[Problem to work on] Could you repeat all of the entries below word for word, apart from the pictures?

[Given data]

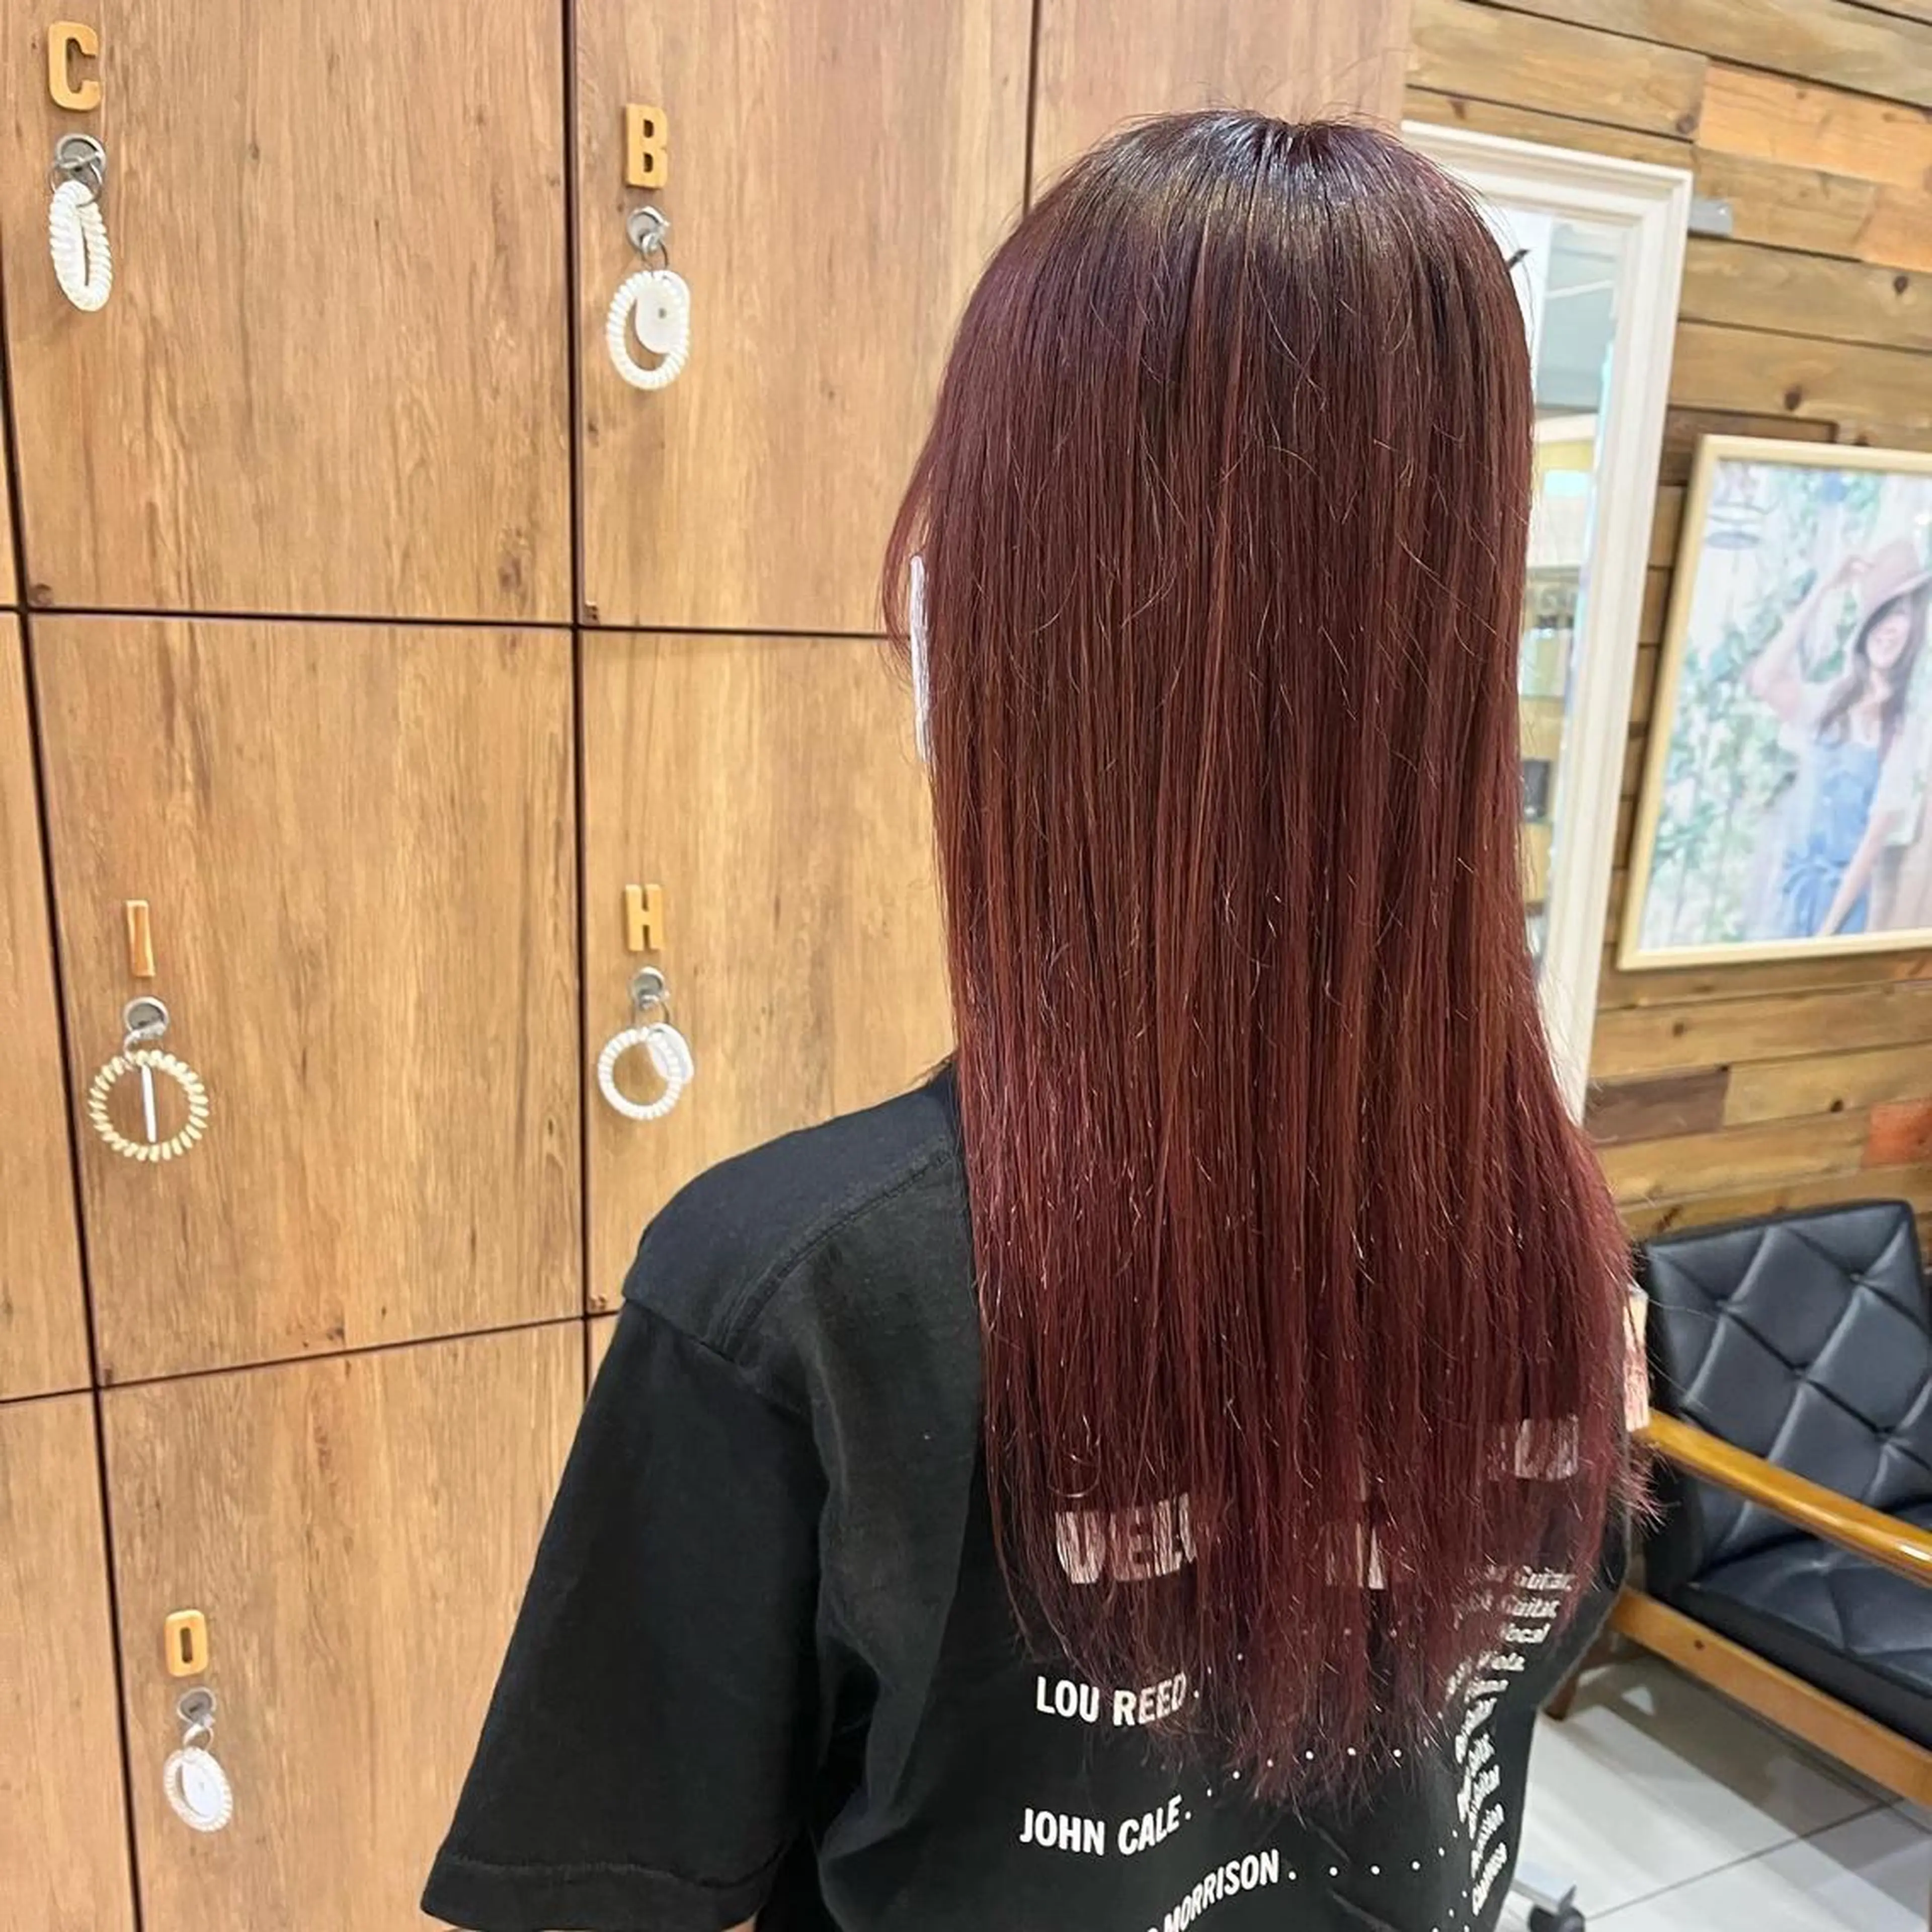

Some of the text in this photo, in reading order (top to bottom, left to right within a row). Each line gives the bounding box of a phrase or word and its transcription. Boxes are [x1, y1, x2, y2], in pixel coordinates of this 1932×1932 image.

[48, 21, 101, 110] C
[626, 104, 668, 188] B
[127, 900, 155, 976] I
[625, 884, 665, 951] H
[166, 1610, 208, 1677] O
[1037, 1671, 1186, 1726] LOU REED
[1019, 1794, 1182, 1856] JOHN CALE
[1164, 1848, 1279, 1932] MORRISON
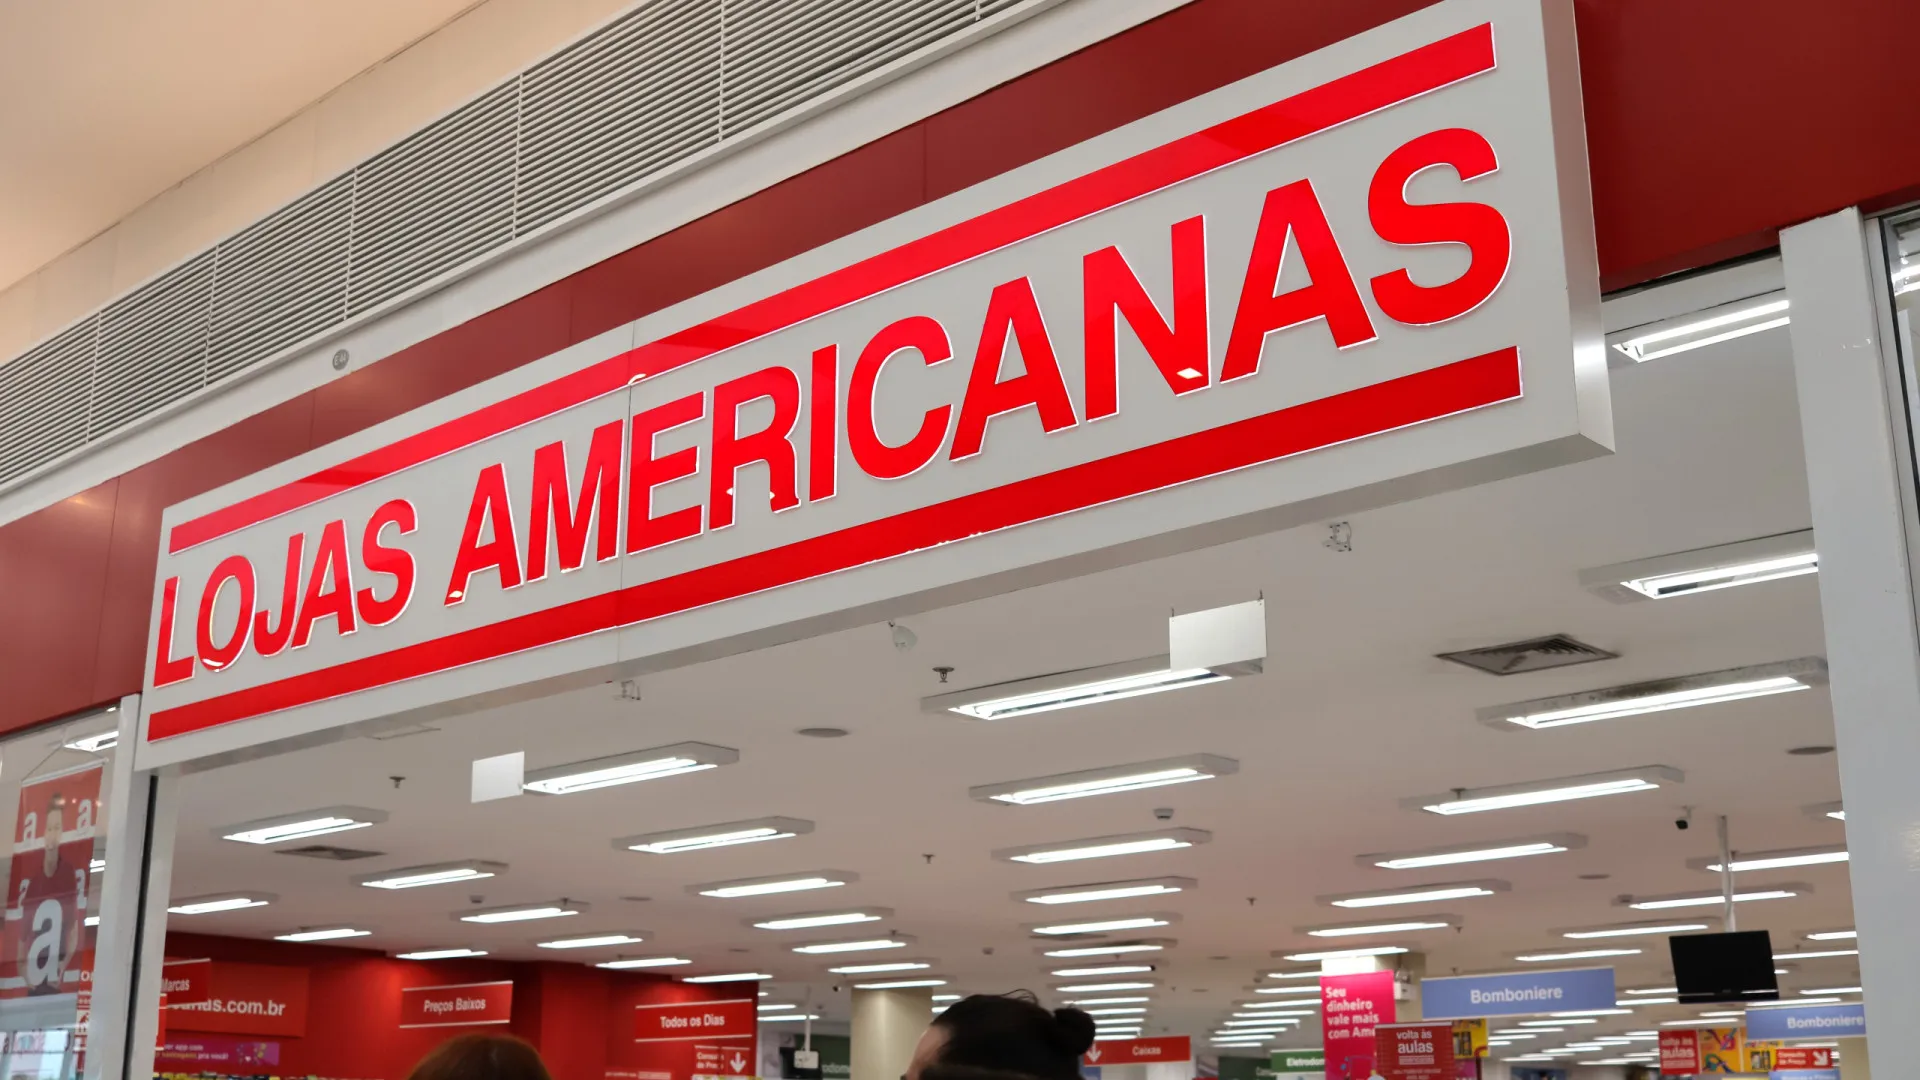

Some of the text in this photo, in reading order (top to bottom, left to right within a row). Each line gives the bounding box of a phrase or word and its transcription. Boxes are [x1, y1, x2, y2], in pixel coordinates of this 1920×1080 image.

[Exercise solution]
Some of the text in this photo, in reading order (top to bottom, left to right within a row). Each line gives the bounding box of a phrase or word and its transcription. Boxes are [x1, y1, x2, y2], in pixel coordinates of this 1932×1932 image.

[48, 21, 101, 110] C
[626, 104, 668, 188] B
[127, 900, 155, 976] I
[625, 884, 665, 951] H
[166, 1610, 208, 1677] O
[1037, 1671, 1186, 1726] LOU REED
[1019, 1794, 1182, 1856] JOHN CALE
[1164, 1848, 1279, 1932] MORRISON

Some of the text in this photo, in reading order (top to bottom, left to right within a row). Each line gives the bounding box of a phrase or word and its transcription. Boxes are [x1, y1, x2, y2], in pixel coordinates of this 1920×1080 image.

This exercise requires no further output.